4) I can't see why you are so shocked with the college kids going to Wall Street and other places where you dress nice, cubicle-ize and make decent money. The world's business leaders thought it made soooooo much sense to move the factories to China, where the real things were made. What exactly did you expect people like me to do but take our place in the office for 35 years and push paper around?
An open ended question. Does anyone know of a society,age ( i.e.industrial age ), nation,etc. that transformed from one to the next with out severe hardships. None comes to mind, human nature to resist change I guess.
Greg,
you mentioned the "gardening for every other person and we would be fine" on your other site. Unfortunately, and sadly most people just do not get it.
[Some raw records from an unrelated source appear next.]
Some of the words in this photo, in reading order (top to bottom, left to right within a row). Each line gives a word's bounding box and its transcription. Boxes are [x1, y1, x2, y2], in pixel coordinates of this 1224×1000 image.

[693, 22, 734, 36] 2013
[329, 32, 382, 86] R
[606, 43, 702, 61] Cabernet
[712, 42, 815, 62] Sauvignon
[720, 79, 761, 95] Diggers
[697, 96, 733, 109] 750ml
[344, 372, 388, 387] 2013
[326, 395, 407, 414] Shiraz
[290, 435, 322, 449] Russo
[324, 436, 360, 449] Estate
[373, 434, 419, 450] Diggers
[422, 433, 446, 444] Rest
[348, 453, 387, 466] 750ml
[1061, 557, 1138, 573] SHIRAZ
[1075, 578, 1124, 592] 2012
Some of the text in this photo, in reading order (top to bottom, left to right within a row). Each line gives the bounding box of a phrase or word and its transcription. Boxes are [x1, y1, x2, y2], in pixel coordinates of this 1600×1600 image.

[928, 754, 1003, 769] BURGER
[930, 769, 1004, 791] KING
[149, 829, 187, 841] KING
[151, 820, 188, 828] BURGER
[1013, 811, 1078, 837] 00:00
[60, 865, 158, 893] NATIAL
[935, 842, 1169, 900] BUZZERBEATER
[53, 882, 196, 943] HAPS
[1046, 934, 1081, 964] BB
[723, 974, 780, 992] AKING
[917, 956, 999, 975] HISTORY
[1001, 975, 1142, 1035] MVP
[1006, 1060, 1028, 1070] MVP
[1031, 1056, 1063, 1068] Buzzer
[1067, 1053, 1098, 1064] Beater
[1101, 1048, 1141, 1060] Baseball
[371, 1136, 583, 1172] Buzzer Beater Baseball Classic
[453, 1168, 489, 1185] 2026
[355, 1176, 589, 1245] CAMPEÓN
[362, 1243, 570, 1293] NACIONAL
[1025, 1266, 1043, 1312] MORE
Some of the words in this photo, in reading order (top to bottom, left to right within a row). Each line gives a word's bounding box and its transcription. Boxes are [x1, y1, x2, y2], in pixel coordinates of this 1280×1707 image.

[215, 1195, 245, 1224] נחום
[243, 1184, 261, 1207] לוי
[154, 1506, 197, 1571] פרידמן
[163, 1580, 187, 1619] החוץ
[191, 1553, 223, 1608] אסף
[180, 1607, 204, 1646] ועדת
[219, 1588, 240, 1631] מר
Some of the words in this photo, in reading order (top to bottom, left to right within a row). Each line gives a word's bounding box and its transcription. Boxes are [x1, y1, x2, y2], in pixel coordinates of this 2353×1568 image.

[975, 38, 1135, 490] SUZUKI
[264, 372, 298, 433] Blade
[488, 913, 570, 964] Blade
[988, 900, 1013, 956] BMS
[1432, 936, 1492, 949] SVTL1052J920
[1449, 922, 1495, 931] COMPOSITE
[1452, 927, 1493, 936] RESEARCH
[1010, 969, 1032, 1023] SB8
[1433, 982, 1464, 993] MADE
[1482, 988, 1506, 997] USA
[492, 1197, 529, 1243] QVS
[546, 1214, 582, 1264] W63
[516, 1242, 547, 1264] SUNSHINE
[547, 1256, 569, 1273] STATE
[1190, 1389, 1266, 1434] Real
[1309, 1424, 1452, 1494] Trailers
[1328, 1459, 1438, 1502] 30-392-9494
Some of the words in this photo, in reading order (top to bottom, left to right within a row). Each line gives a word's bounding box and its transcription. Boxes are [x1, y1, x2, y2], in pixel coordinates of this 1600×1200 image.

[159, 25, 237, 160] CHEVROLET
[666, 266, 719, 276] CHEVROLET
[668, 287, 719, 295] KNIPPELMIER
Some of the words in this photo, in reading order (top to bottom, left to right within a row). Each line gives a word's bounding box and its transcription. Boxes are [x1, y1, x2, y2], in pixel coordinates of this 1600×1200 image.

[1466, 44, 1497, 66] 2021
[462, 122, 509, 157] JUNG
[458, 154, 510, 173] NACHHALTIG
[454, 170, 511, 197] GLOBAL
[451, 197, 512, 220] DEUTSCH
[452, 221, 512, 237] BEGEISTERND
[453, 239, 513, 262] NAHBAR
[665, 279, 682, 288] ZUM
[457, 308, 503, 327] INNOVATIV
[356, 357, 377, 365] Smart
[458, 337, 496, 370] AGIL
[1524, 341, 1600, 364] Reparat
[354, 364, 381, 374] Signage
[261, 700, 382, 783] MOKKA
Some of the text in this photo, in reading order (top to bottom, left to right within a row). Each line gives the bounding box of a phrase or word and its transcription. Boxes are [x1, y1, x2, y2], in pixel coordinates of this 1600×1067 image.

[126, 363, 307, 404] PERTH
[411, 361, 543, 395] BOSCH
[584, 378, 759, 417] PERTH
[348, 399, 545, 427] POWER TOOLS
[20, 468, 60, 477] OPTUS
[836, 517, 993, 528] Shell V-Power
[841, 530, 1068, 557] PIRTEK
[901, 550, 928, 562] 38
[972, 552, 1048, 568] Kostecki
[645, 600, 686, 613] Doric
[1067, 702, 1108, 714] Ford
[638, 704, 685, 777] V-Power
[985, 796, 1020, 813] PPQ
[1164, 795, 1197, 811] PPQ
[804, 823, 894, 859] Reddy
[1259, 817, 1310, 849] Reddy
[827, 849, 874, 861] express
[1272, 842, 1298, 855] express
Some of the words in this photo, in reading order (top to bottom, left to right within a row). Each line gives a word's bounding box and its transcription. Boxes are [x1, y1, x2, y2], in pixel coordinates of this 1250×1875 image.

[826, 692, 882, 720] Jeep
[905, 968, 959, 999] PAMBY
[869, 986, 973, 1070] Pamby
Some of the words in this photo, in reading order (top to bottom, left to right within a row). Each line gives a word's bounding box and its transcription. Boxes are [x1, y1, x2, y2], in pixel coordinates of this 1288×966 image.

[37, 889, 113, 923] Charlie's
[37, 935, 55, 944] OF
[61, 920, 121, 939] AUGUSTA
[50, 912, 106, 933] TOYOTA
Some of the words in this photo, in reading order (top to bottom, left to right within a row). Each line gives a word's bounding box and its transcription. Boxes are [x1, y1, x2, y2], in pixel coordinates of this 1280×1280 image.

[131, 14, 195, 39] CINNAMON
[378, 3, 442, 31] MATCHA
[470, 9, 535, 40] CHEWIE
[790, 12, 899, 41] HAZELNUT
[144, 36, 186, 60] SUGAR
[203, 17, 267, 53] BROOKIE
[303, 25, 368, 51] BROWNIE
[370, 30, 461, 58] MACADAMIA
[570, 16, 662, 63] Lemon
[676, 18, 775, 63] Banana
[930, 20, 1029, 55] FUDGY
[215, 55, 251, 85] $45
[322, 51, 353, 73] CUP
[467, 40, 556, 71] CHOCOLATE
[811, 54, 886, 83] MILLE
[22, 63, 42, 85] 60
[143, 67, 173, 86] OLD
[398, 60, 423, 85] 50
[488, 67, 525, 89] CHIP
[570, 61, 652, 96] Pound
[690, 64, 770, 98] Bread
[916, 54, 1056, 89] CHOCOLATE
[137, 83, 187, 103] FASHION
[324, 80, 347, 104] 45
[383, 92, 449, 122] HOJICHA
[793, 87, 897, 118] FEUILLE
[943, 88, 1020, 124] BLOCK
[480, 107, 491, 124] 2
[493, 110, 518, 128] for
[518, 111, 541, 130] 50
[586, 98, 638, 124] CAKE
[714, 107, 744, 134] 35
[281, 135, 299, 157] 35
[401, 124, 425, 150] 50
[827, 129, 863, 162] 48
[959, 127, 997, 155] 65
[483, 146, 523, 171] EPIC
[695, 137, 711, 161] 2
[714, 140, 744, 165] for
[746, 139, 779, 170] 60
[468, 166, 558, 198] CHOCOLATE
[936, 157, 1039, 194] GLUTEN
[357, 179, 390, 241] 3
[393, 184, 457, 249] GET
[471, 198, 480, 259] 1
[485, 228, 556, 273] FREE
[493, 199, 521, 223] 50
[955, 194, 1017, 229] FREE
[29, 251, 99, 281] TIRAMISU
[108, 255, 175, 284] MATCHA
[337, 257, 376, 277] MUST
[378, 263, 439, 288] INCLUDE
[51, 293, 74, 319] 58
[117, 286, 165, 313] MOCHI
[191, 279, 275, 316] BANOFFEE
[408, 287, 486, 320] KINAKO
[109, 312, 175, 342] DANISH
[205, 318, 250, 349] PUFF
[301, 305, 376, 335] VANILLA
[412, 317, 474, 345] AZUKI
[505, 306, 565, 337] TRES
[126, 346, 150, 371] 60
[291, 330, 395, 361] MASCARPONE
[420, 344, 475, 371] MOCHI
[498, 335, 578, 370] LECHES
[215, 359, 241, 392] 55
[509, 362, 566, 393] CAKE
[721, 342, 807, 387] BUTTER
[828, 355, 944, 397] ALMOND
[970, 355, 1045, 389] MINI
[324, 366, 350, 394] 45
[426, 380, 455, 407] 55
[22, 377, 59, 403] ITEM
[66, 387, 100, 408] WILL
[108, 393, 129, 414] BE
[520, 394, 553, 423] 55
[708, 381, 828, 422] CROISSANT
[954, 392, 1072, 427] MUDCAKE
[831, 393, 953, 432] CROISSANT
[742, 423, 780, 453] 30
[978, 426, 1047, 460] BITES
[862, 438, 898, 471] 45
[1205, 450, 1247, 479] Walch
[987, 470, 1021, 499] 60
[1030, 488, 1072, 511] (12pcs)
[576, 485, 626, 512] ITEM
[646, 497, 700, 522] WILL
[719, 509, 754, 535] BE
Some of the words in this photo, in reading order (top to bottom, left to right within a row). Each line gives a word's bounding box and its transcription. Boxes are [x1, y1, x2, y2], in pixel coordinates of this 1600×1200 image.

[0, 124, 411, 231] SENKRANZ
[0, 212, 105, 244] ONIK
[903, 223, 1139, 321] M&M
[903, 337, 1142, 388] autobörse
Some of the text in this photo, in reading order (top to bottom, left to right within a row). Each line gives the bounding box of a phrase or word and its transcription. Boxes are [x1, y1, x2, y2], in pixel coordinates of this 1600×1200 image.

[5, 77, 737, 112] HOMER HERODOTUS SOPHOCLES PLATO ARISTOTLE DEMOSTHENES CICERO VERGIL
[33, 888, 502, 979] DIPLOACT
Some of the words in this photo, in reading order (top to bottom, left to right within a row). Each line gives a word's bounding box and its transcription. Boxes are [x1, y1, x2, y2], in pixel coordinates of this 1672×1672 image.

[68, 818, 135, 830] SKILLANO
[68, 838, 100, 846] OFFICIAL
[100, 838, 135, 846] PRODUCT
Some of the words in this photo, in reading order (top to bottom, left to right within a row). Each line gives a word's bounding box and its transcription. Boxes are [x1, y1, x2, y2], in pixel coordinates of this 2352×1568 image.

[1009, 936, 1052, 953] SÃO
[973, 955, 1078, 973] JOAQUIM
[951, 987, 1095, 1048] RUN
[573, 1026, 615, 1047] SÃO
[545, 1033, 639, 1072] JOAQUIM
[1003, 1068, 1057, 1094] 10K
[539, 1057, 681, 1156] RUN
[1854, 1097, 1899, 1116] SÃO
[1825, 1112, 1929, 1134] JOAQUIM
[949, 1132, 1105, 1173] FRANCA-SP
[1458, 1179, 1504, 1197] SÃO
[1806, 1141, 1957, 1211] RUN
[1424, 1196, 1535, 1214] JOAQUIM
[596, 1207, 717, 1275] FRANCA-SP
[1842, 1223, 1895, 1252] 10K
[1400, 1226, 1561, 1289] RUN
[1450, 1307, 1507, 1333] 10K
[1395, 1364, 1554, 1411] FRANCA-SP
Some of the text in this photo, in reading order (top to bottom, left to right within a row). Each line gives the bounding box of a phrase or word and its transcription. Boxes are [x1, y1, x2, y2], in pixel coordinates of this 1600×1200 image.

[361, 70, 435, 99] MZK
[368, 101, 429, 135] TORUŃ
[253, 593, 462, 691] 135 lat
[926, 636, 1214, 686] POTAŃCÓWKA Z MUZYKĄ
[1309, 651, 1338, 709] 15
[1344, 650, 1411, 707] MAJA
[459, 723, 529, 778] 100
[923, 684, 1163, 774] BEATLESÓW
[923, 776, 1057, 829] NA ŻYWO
Imagine the aged and obese population gardening as is needed. Emotionally, physically, mentally we will digress for a while.
Your post got me thinking. I even had to get out of bed to write this, but it's actually quite simple.
Before I get to my point though, i have to just tell you a little story. My mum was working in an orphanage in Brazil for 9 months, and the kids she looked after in the day went and sold jewelery they made at night on the streets. So anyway, on her last night, as she had got pretty close to these kids in her time there she figured she would take the 10 or so of them who were working on the streets that night out for burgers, and these kids(aged between 7-12 or so) were mad skinny, hungry and went between selling there wares. As soon as they got their burgers, the first thing they did was cut them in half, go outside and give half to some of the other kids who were their friends outside. Even though they were hungry, they shared.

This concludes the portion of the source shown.